Data records:
++++

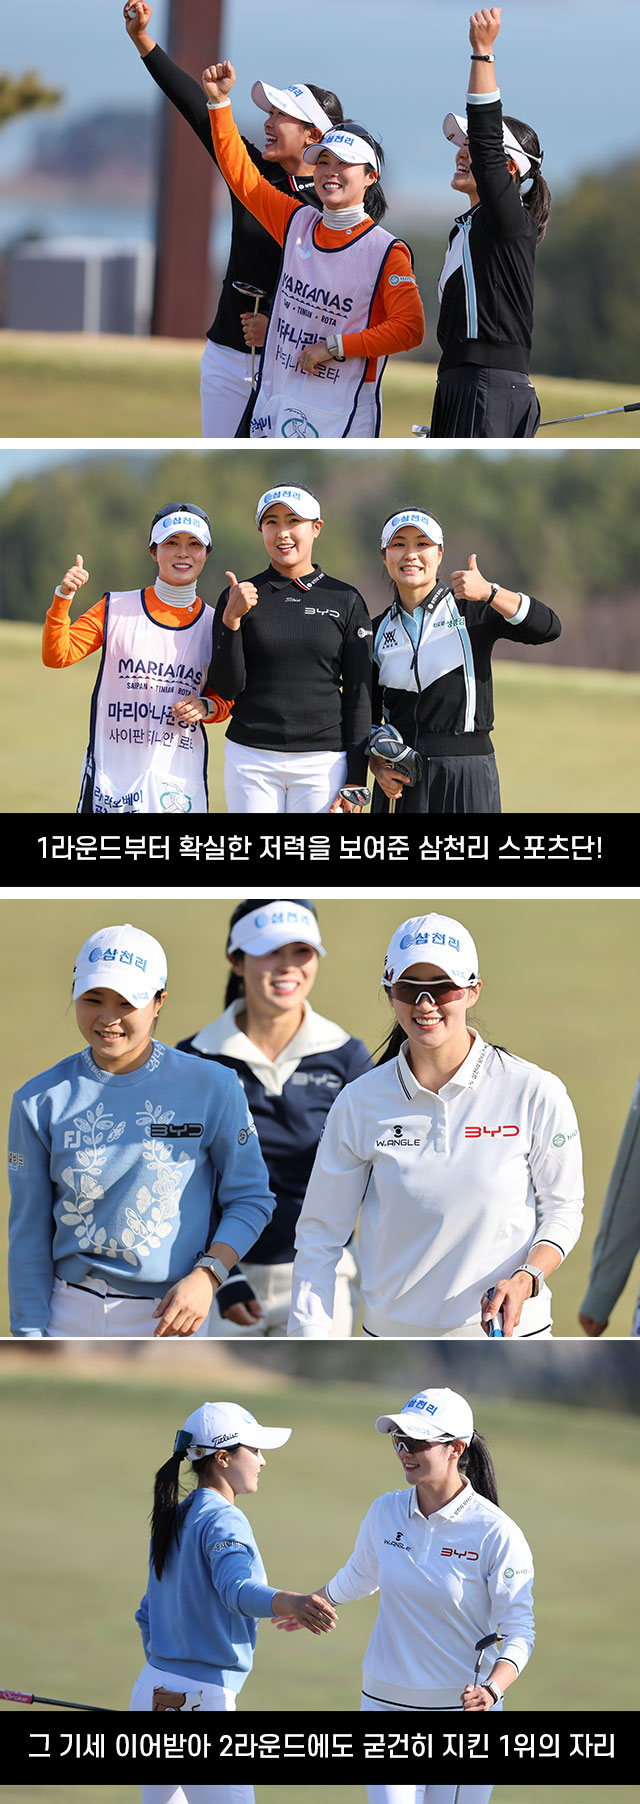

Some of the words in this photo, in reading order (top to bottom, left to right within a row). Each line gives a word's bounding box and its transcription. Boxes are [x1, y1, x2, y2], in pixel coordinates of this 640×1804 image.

[272, 490, 301, 501] 삼천리
[401, 514, 429, 526] 삼천리
[304, 607, 340, 618] BYD
[118, 658, 203, 686] MARIANAS
[127, 682, 148, 690] SAIPAN
[109, 728, 144, 744] 사이판
[271, 912, 311, 926] 삼천리
[415, 931, 461, 952] 삼천리
[102, 948, 148, 972] 삼천리
[151, 1125, 203, 1137] BYD
[464, 1125, 520, 1138] BYD
[64, 1130, 81, 1149] FJ
[440, 1547, 479, 1561] BYD

++++

Leave the pictures out and copy the rest of the data exactly.

Some of the words in this photo, in reading order (top to bottom, left to right within a row). Each line gives a word's bounding box and its transcription. Boxes are [x1, y1, x2, y2], in pixel coordinates of this 640×1804 image.

[272, 490, 301, 501] 삼천리
[401, 514, 429, 526] 삼천리
[304, 607, 340, 618] BYD
[118, 658, 203, 686] MARIANAS
[127, 682, 148, 690] SAIPAN
[109, 728, 144, 744] 사이판
[271, 912, 311, 926] 삼천리
[415, 931, 461, 952] 삼천리
[102, 948, 148, 972] 삼천리
[151, 1125, 203, 1137] BYD
[464, 1125, 520, 1138] BYD
[64, 1130, 81, 1149] FJ
[440, 1547, 479, 1561] BYD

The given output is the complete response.